Sachin's copy book drives are still a treat to watch

Sachin's copy book drives are still a treat to watch

Sachin made his first-class debut at the age of 15, and scored a century in each of his debuts at the Ranji, Irani and the Deodhar Trophy, the only player to achieve the feat. This was after a 664-run partnership with Vinod Kambli in an inter-school tournament that made everyone sit up and take notice. He made his international debut a year later against Pakistan at Karachi in a game which also saw another legend playing the first match of his career – Waqar Younis.

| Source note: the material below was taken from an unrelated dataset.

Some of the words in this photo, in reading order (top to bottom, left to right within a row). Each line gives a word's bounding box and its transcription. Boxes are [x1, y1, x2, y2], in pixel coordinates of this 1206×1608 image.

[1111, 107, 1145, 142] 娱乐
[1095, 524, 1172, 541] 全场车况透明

He was seen as a calm and matured player who was as elegant as a certain Sunil Gavaskar and a batsman who played glorious copy-book drives with ease, and as a batsman who played short deliveries with remarkable ease in context of his height: he was only 5 feet 5 inches tall. Sachin not only had all the attacking and defensive shots in his arsenal, he was also able to be aggressive with the old classical game, a combination that is very rare, most notably pointed out by Sunil Gavaskar: “it is hard to imagine any player in the history of the game who combines classical technique with raw aggression like the little champion does.”

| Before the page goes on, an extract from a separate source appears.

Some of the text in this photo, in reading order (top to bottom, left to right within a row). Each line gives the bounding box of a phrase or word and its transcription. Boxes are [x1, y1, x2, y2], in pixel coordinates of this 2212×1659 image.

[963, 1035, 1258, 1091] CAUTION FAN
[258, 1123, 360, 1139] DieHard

Although he was not as prolific so as to have a Bradmanesque average, the master blaster scored consistently enough in both forms of the game and produced stellar knocks. His innings of 114 at Perth is widely regarded as the best innings to have been played on Australian soil.

Sachin’s bat had started to become much quieter in a relatively troublesome phase for his that started in 2002 and lasted 4-5 years. The back problem and the tennis elbow injury did not help matters and indeed there were speculations that Sachin was a shadow of his former self and this was the tart of his decline: Endulkar, as newspapers put the phenomenon in perspective. Ian Chappell had suggested in a column for Mumbai’s Mid-Day that it is time Sachin considered retirement. In all fairness though, the criticism was unfair since the little man was still producing centuries and half-centuries, even amidst injuries, only he had fallen from his lofty standards. A couple of his weaknesses came to light, like his difficulty in facing left-arm seamers: Pedro Collins in India’s tour to West Indies in 2002 troubled the master throughout the series. However, in spite of his apparent ‘decline’, the Board of Control for Cricket in India (BCCI) never considered dropping him, and rightly so.

Since 2007, Sachin’s resurgence has been remarkable. Quite clearly, he now played the role of more of an accumulator than that of an entertainer, and he kept producing centuries after centuries. There was a time when he regularly got out in the nineties as a rule, but the jinx never troubled him, and his knocks continued to win matches for India. His technique is still as perfect as ever, and the hunger for being bigger and better has not ceased. An amazing knock of an unbeaten 200 against South Africa in early 2010 is a testimony to it.

“Cricket is my religion, and Sachin is my god” is a refrain that is as true as it is popular, for the way he has conducted himself for the past 21 years now, in terms of maintaining his status as one of the greatest batsman and providing the respect and dedication that the sport deserves, makes him a perfect role-model to the point of being a god.